>>>
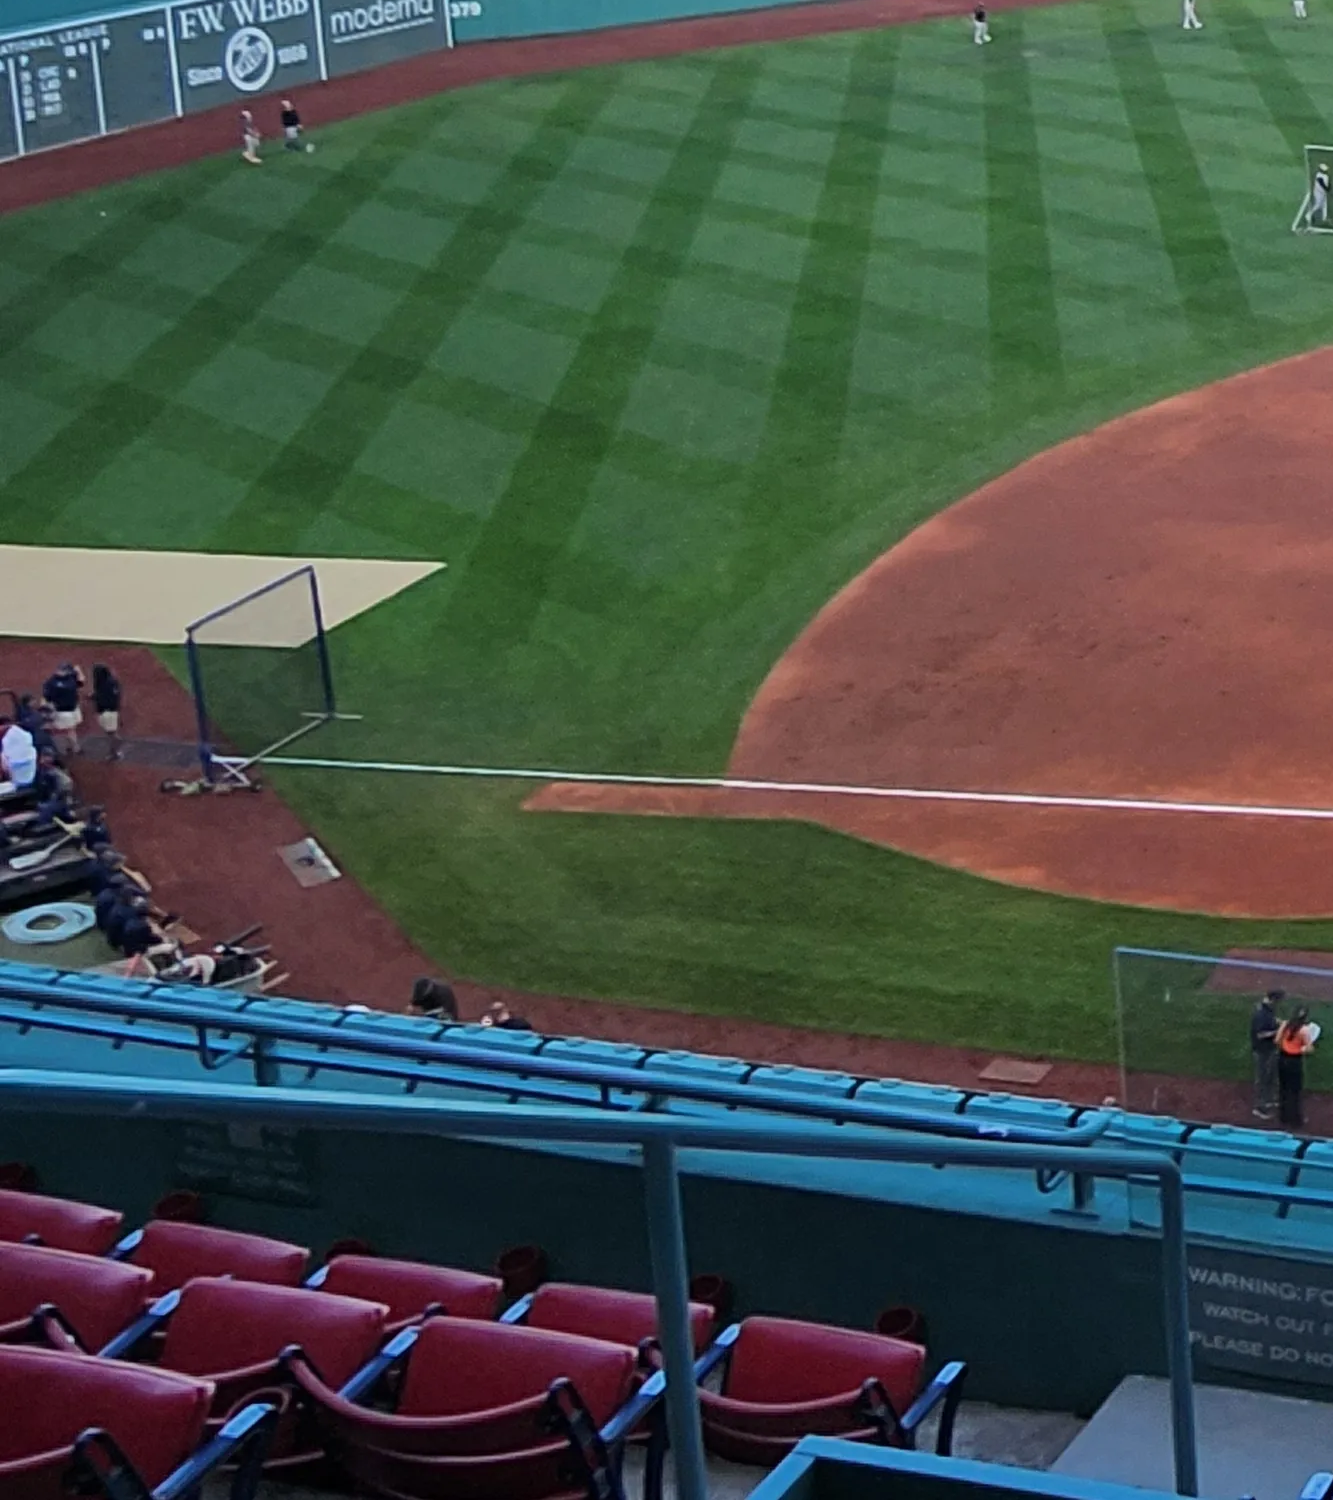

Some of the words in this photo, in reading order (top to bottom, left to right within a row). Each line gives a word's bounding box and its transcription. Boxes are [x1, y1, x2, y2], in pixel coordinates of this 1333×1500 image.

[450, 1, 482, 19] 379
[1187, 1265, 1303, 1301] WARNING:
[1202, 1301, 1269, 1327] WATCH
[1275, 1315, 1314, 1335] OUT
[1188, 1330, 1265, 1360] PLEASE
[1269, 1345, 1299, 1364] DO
<<<
WHAT THE TASK REQUIRES - Set down the records again verbatim, with no pictures.

WRITTEN REPLY -
Some of the words in this photo, in reading order (top to bottom, left to right within a row). Each line gives a word's bounding box and its transcription. Boxes are [x1, y1, x2, y2], in pixel coordinates of this 1333×1500 image.

[450, 1, 482, 19] 379
[1187, 1265, 1303, 1301] WARNING:
[1202, 1301, 1269, 1327] WATCH
[1275, 1315, 1314, 1335] OUT
[1188, 1330, 1265, 1360] PLEASE
[1269, 1345, 1299, 1364] DO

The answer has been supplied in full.